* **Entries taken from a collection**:
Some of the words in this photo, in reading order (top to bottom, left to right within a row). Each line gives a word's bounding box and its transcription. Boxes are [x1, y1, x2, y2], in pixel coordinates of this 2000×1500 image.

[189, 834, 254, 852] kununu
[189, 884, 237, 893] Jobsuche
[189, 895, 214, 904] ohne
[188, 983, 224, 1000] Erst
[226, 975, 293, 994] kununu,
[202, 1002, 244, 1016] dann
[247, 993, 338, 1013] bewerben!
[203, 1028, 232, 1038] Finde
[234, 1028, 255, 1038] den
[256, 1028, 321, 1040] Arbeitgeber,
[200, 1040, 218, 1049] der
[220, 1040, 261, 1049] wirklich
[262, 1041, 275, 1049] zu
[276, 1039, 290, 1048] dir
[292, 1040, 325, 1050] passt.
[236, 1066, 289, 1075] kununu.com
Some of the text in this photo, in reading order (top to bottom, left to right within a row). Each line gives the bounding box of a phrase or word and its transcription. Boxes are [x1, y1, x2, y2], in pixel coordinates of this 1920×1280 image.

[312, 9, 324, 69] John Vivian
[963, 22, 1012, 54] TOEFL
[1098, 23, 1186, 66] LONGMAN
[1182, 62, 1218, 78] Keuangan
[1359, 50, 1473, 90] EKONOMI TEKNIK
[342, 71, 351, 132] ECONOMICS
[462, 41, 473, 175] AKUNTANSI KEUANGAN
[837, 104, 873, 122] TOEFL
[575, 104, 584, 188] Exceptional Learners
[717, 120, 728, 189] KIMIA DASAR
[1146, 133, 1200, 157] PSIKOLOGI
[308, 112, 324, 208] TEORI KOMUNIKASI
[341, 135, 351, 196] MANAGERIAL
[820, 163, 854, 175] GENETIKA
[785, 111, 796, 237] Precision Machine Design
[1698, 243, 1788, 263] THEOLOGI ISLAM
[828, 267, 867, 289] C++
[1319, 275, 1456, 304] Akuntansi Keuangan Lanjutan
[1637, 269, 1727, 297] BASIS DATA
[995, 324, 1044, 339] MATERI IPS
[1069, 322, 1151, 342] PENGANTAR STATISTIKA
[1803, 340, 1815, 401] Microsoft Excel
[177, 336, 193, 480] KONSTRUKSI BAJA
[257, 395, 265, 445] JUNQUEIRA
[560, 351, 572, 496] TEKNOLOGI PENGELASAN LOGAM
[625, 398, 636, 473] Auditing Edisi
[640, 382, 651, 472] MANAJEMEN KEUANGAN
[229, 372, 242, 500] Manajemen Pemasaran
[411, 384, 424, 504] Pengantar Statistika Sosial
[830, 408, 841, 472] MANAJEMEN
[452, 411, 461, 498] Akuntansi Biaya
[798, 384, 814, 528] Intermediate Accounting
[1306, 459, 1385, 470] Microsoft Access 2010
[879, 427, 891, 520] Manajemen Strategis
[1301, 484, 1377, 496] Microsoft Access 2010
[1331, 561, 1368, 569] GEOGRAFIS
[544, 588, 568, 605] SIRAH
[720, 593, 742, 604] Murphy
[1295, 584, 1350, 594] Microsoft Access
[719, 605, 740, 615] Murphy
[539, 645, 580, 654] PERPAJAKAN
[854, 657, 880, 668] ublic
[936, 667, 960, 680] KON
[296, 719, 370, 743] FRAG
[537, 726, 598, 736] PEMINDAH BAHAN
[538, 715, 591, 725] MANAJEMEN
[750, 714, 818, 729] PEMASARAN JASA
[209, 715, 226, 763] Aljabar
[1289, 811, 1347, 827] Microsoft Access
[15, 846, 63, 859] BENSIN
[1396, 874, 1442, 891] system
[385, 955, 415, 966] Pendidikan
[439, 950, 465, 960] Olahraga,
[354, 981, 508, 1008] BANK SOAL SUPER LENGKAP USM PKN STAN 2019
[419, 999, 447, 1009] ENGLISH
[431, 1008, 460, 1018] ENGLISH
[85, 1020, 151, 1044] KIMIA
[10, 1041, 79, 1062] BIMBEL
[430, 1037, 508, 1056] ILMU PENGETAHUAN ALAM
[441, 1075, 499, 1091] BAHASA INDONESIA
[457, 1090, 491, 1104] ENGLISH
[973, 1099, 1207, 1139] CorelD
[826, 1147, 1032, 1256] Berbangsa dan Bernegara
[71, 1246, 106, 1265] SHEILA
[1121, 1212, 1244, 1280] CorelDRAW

* **What to work on**: Copy all of the data above, character for character.

* **Expected output**:
Some of the words in this photo, in reading order (top to bottom, left to right within a row). Each line gives a word's bounding box and its transcription. Boxes are [x1, y1, x2, y2], in pixel coordinates of this 2000×1500 image.

[189, 834, 254, 852] kununu
[189, 884, 237, 893] Jobsuche
[189, 895, 214, 904] ohne
[188, 983, 224, 1000] Erst
[226, 975, 293, 994] kununu,
[202, 1002, 244, 1016] dann
[247, 993, 338, 1013] bewerben!
[203, 1028, 232, 1038] Finde
[234, 1028, 255, 1038] den
[256, 1028, 321, 1040] Arbeitgeber,
[200, 1040, 218, 1049] der
[220, 1040, 261, 1049] wirklich
[262, 1041, 275, 1049] zu
[276, 1039, 290, 1048] dir
[292, 1040, 325, 1050] passt.
[236, 1066, 289, 1075] kununu.com
Some of the text in this photo, in reading order (top to bottom, left to right within a row). Each line gives the bounding box of a phrase or word and its transcription. Boxes are [x1, y1, x2, y2], in pixel coordinates of this 1920×1280 image.

[312, 9, 324, 69] John Vivian
[963, 22, 1012, 54] TOEFL
[1098, 23, 1186, 66] LONGMAN
[1182, 62, 1218, 78] Keuangan
[1359, 50, 1473, 90] EKONOMI TEKNIK
[342, 71, 351, 132] ECONOMICS
[462, 41, 473, 175] AKUNTANSI KEUANGAN
[837, 104, 873, 122] TOEFL
[575, 104, 584, 188] Exceptional Learners
[717, 120, 728, 189] KIMIA DASAR
[1146, 133, 1200, 157] PSIKOLOGI
[308, 112, 324, 208] TEORI KOMUNIKASI
[341, 135, 351, 196] MANAGERIAL
[820, 163, 854, 175] GENETIKA
[785, 111, 796, 237] Precision Machine Design
[1698, 243, 1788, 263] THEOLOGI ISLAM
[828, 267, 867, 289] C++
[1319, 275, 1456, 304] Akuntansi Keuangan Lanjutan
[1637, 269, 1727, 297] BASIS DATA
[995, 324, 1044, 339] MATERI IPS
[1069, 322, 1151, 342] PENGANTAR STATISTIKA
[1803, 340, 1815, 401] Microsoft Excel
[177, 336, 193, 480] KONSTRUKSI BAJA
[257, 395, 265, 445] JUNQUEIRA
[560, 351, 572, 496] TEKNOLOGI PENGELASAN LOGAM
[625, 398, 636, 473] Auditing Edisi
[640, 382, 651, 472] MANAJEMEN KEUANGAN
[229, 372, 242, 500] Manajemen Pemasaran
[411, 384, 424, 504] Pengantar Statistika Sosial
[830, 408, 841, 472] MANAJEMEN
[452, 411, 461, 498] Akuntansi Biaya
[798, 384, 814, 528] Intermediate Accounting
[1306, 459, 1385, 470] Microsoft Access 2010
[879, 427, 891, 520] Manajemen Strategis
[1301, 484, 1377, 496] Microsoft Access 2010
[1331, 561, 1368, 569] GEOGRAFIS
[544, 588, 568, 605] SIRAH
[720, 593, 742, 604] Murphy
[1295, 584, 1350, 594] Microsoft Access
[719, 605, 740, 615] Murphy
[539, 645, 580, 654] PERPAJAKAN
[854, 657, 880, 668] ublic
[936, 667, 960, 680] KON
[296, 719, 370, 743] FRAG
[537, 726, 598, 736] PEMINDAH BAHAN
[538, 715, 591, 725] MANAJEMEN
[750, 714, 818, 729] PEMASARAN JASA
[209, 715, 226, 763] Aljabar
[1289, 811, 1347, 827] Microsoft Access
[15, 846, 63, 859] BENSIN
[1396, 874, 1442, 891] system
[385, 955, 415, 966] Pendidikan
[439, 950, 465, 960] Olahraga,
[354, 981, 508, 1008] BANK SOAL SUPER LENGKAP USM PKN STAN 2019
[419, 999, 447, 1009] ENGLISH
[431, 1008, 460, 1018] ENGLISH
[85, 1020, 151, 1044] KIMIA
[10, 1041, 79, 1062] BIMBEL
[430, 1037, 508, 1056] ILMU PENGETAHUAN ALAM
[441, 1075, 499, 1091] BAHASA INDONESIA
[457, 1090, 491, 1104] ENGLISH
[973, 1099, 1207, 1139] CorelD
[826, 1147, 1032, 1256] Berbangsa dan Bernegara
[71, 1246, 106, 1265] SHEILA
[1121, 1212, 1244, 1280] CorelDRAW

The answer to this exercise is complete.